### Task directions
Verbatim copy, images omitted: return the full listing.

*** Opening of Provided data ***

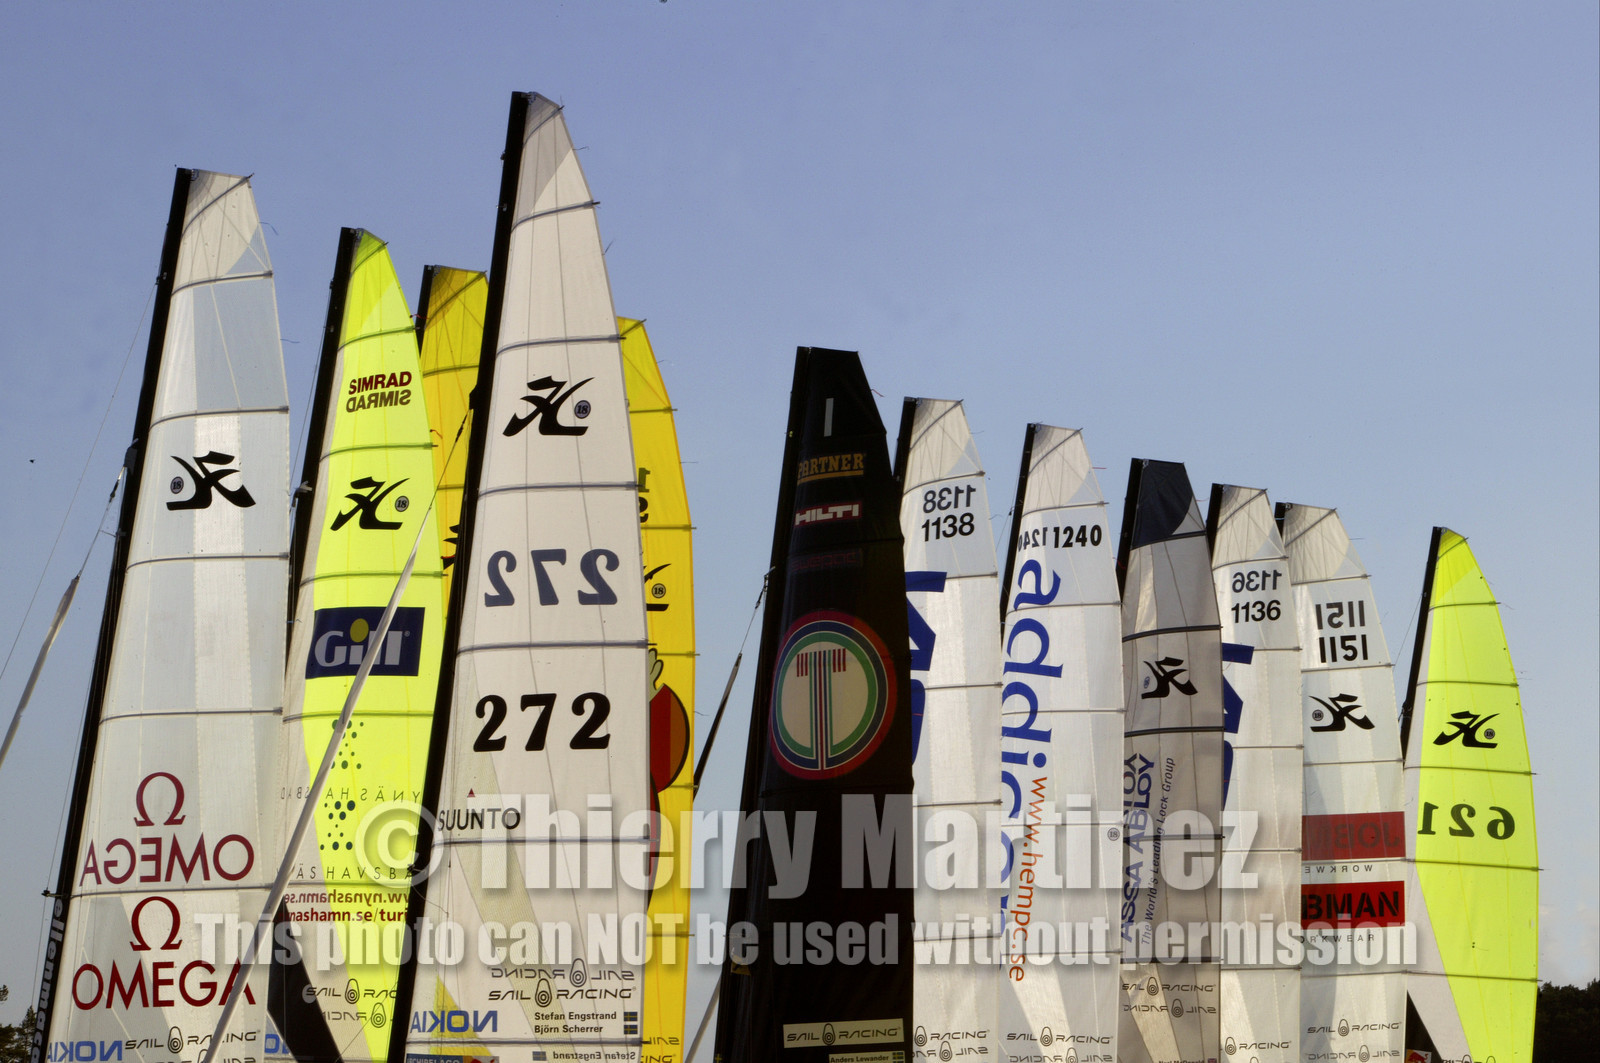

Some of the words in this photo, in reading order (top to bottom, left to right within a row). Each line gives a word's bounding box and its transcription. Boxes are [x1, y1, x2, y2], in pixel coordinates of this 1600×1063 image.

[348, 371, 412, 395] SIMRAD
[798, 453, 864, 477] PARTNER
[795, 504, 859, 525] HILTI
[921, 512, 974, 542] 1138
[1053, 525, 1101, 548] 1240
[1231, 599, 1281, 623] 1136
[315, 618, 402, 667] Gill
[1319, 635, 1369, 663] 1151
[473, 692, 611, 752] 272
[1161, 757, 1175, 794] Group
[1125, 753, 1155, 855] ABLOY
[438, 807, 521, 831] SUUNTO
[1009, 777, 1047, 981] www.hempc.se
[1121, 861, 1143, 943] ASSA
[71, 958, 256, 1010] OMEGA
[306, 986, 341, 997] SAIL
[488, 990, 531, 1001] SAIL
[556, 988, 632, 1000] RACING
[1122, 983, 1145, 991] SAIL
[1161, 984, 1214, 992] RACING
[534, 1011, 567, 1021] Stefan
[568, 1011, 617, 1023] Engstrand
[1307, 1026, 1336, 1034] SAIL
[1351, 1022, 1400, 1032] RACING
[125, 1038, 164, 1050] SAIL
[187, 1031, 257, 1046] RAING
[534, 1024, 560, 1034] Björn
[563, 1024, 603, 1034] Scherrer
[786, 1033, 820, 1042] SAIL
[838, 1028, 898, 1040] RACING
[930, 1031, 987, 1041] RACING
[1007, 1032, 1037, 1041] SAIL
[1056, 1035, 1111, 1045] RACING
[1239, 1041, 1290, 1050] RACING

*** Close of Provided data ***

### Answer for the task
Some of the words in this photo, in reading order (top to bottom, left to right within a row). Each line gives a word's bounding box and its transcription. Boxes are [x1, y1, x2, y2], in pixel coordinates of this 1600×1063 image.

[348, 371, 412, 395] SIMRAD
[798, 453, 864, 477] PARTNER
[795, 504, 859, 525] HILTI
[921, 512, 974, 542] 1138
[1053, 525, 1101, 548] 1240
[1231, 599, 1281, 623] 1136
[315, 618, 402, 667] Gill
[1319, 635, 1369, 663] 1151
[473, 692, 611, 752] 272
[1161, 757, 1175, 794] Group
[1125, 753, 1155, 855] ABLOY
[438, 807, 521, 831] SUUNTO
[1009, 777, 1047, 981] www.hempc.se
[1121, 861, 1143, 943] ASSA
[71, 958, 256, 1010] OMEGA
[306, 986, 341, 997] SAIL
[488, 990, 531, 1001] SAIL
[556, 988, 632, 1000] RACING
[1122, 983, 1145, 991] SAIL
[1161, 984, 1214, 992] RACING
[534, 1011, 567, 1021] Stefan
[568, 1011, 617, 1023] Engstrand
[1307, 1026, 1336, 1034] SAIL
[1351, 1022, 1400, 1032] RACING
[125, 1038, 164, 1050] SAIL
[187, 1031, 257, 1046] RAING
[534, 1024, 560, 1034] Björn
[563, 1024, 603, 1034] Scherrer
[786, 1033, 820, 1042] SAIL
[838, 1028, 898, 1040] RACING
[930, 1031, 987, 1041] RACING
[1007, 1032, 1037, 1041] SAIL
[1056, 1035, 1111, 1045] RACING
[1239, 1041, 1290, 1050] RACING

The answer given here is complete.